■ Problem description
Exactly reproduce all the records, keeping pictures out of the copy.

─── Data provided ───

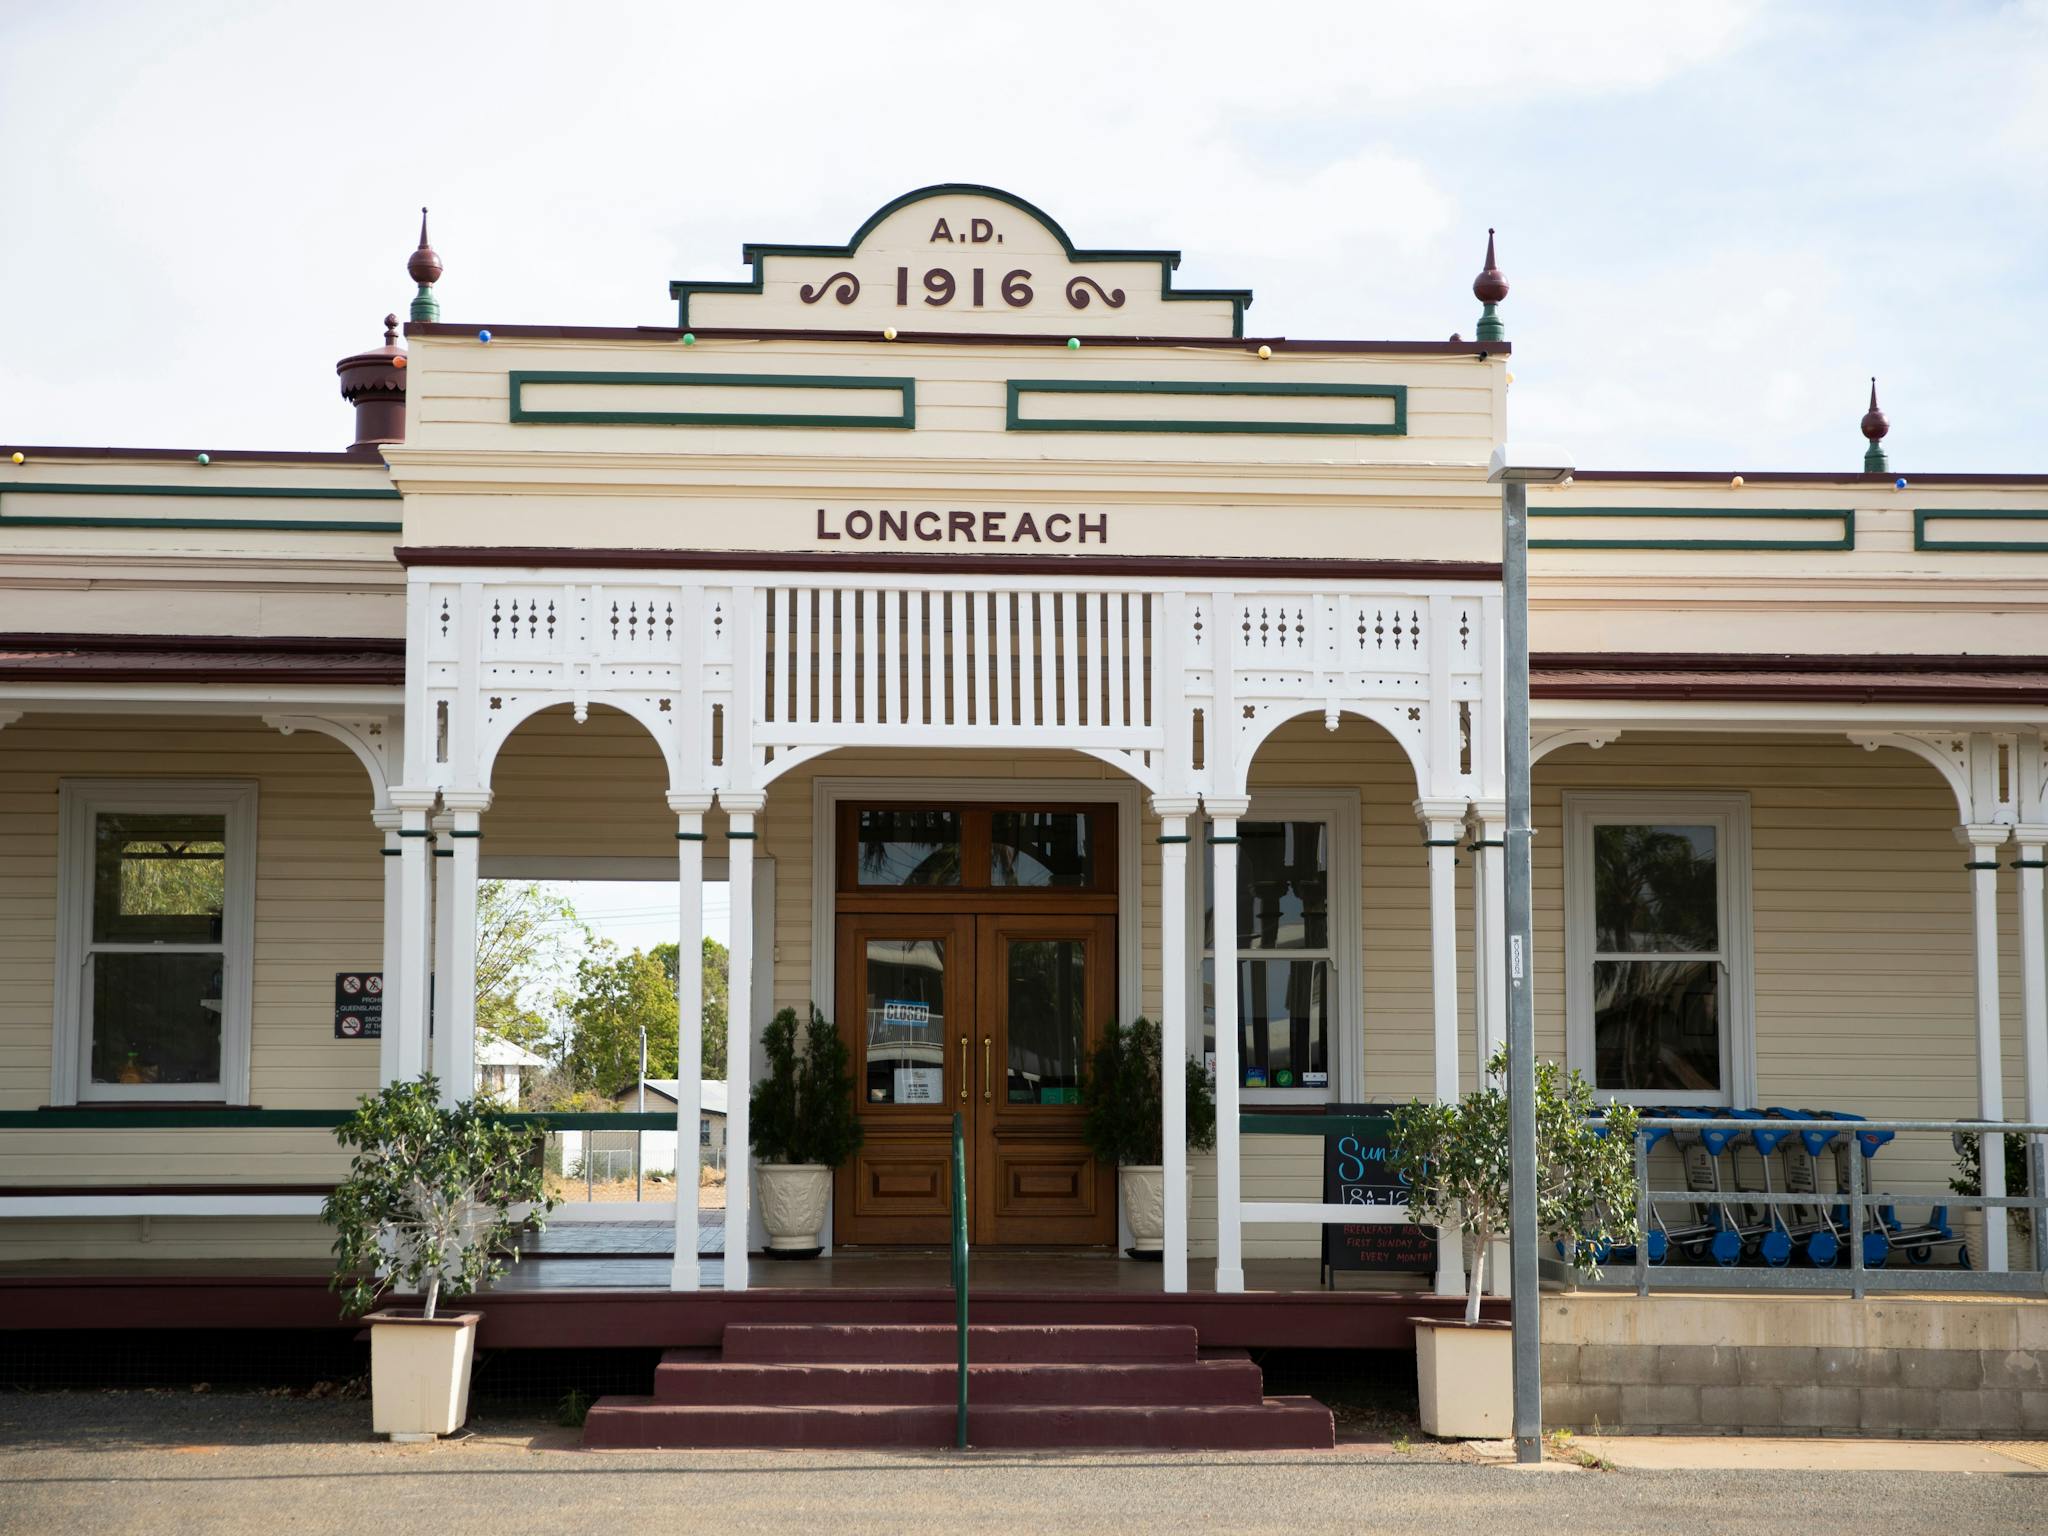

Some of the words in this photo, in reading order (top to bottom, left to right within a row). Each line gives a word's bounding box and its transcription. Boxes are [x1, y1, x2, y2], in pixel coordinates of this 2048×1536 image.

[930, 217, 1003, 244] A.D.
[896, 266, 1034, 308] 1916
[816, 508, 1107, 545] LONGREACH
[886, 1004, 928, 1022] CLOSED
[1346, 1238, 1372, 1247] FIRST
[1376, 1238, 1413, 1248] SUNDAY
[1360, 1250, 1390, 1262] EVERY

───

■ Result of this task
Some of the words in this photo, in reading order (top to bottom, left to right within a row). Each line gives a word's bounding box and its transcription. Boxes are [x1, y1, x2, y2], in pixel coordinates of this 2048×1536 image.

[930, 217, 1003, 244] A.D.
[896, 266, 1034, 308] 1916
[816, 508, 1107, 545] LONGREACH
[886, 1004, 928, 1022] CLOSED
[1346, 1238, 1372, 1247] FIRST
[1376, 1238, 1413, 1248] SUNDAY
[1360, 1250, 1390, 1262] EVERY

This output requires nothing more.